Photo courtesy Authors Unlimited
I ate one piece of chicken, on the bone but with the skin peeled away, not fried but braised. I had a salad with spinach, baby greens, a few tiny pieces of kale, grated beets, grated carrots, cucumber slices, cherry tomatoes, a few pine nuts and two black olives. I splashed a little balsamic vinegar on it, and I know I used a lot more than a teaspoon of olive oil — it may have been a whole tablespoon, or even two. I ate five large, ripe strawberries. That was my lunch.
Not bad, huh? Except for the olive oil deluge (still though, it's monounsaturated fat) and the fact that the piece of chicken was actually a thigh, not less fatty white meat, that's a pretty healthy lunch. I also sound like I stepped out of a story by Elizabeth Berg (author of The Day I Ate Whatever I Wanted: And Other Small Acts of Liberation and Open House, among others).

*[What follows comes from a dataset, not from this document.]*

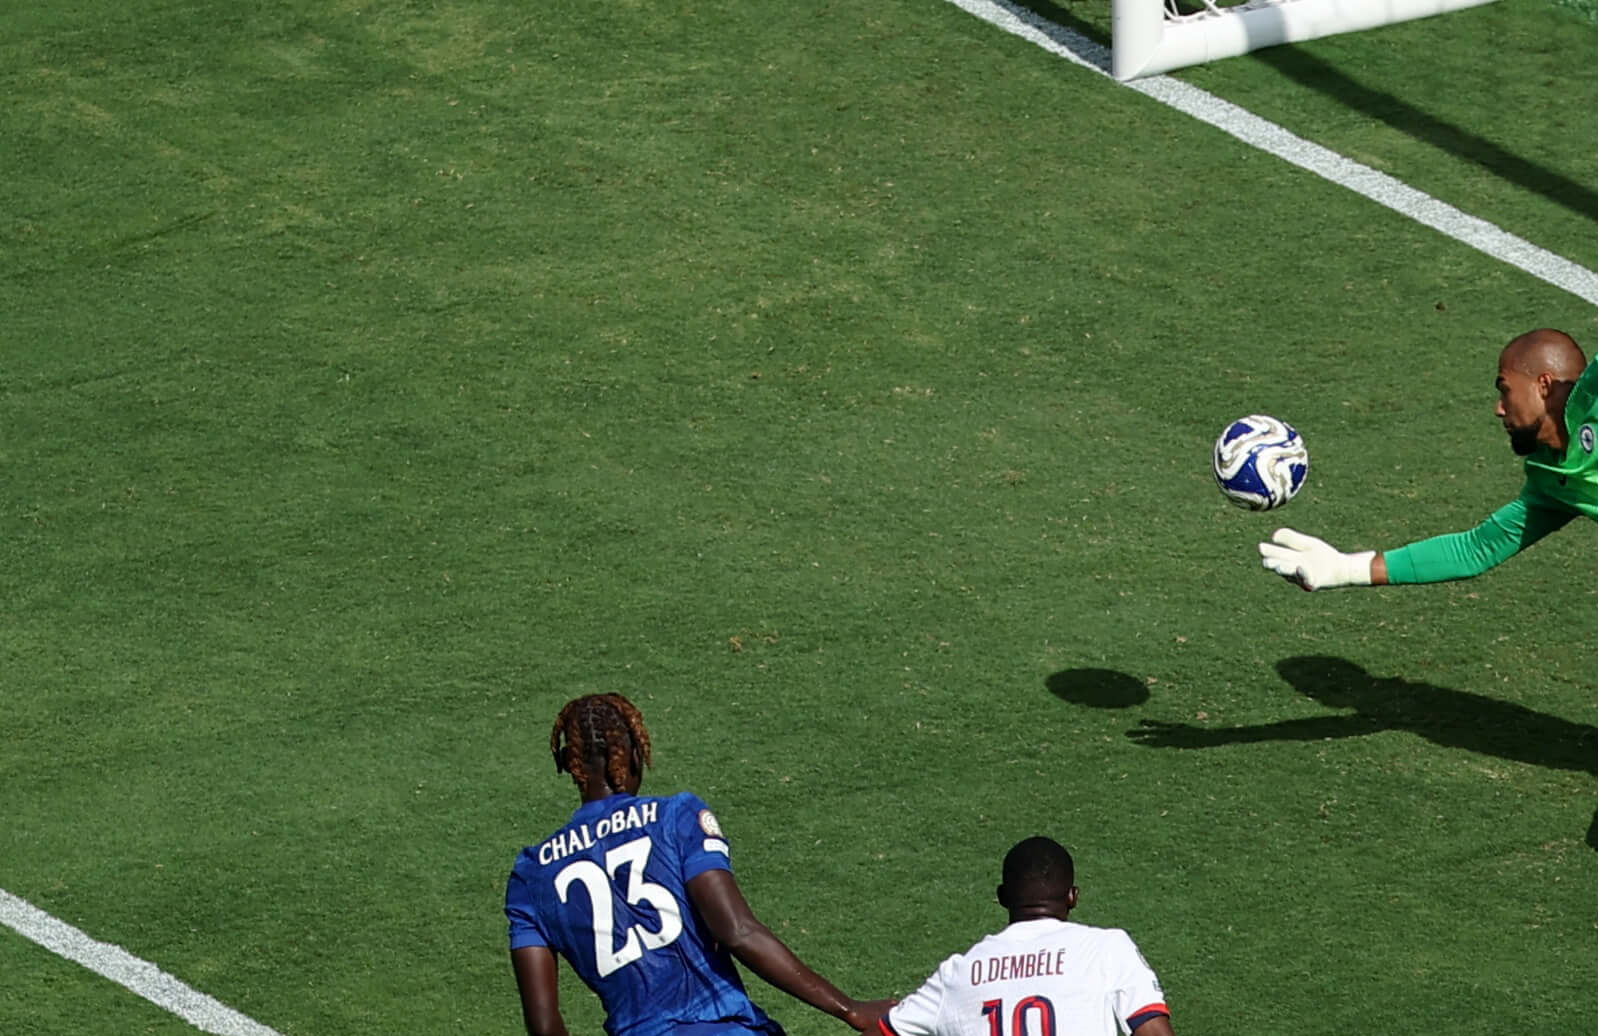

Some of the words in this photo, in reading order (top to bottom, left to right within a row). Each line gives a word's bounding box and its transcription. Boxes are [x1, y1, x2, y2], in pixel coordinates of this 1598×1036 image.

Actually, much of the time, the ongoing monologue inside my head sounds like an Elizabeth Berg story.
Berg came to Richmond to speak at the Tuckahoe Woman's Club in May about the complicated relationship women have with food. Now, this relationship is hardly a news flash (I found 28,600,000 entries listed when I Googled that combination of words). Instead, she talked about her own feelings about food and how it operates in her fictional universe.

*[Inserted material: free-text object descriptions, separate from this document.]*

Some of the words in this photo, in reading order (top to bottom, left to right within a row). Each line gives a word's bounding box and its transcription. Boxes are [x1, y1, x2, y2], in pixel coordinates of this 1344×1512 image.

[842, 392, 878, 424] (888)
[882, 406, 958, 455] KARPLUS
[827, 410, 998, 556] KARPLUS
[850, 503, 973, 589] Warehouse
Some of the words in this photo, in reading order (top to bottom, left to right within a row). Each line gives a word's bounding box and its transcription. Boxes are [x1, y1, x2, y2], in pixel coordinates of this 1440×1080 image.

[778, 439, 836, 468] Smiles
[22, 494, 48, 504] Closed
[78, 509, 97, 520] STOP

"I was a fat kid," she said. "I struggled with my weight all my life and still do." The title story of her collection of short stories, "The Day I Ate Whatever I Wanted," is about a woman who goes to her weekly Weight Watchers meeting and, when she sees a blind woman and an old woman with a walker, neither of whom have any discernible fat, she rebels and decides to eat whatever she wants for the entire day:
Here is my question: When that blind woman looks in the mirror, what does she see? … I said to myself, No. On account of those two women, on behalf of those two women, I am going to eat anything I want from now until midnight. And I drove right over to Dunkin' Donuts.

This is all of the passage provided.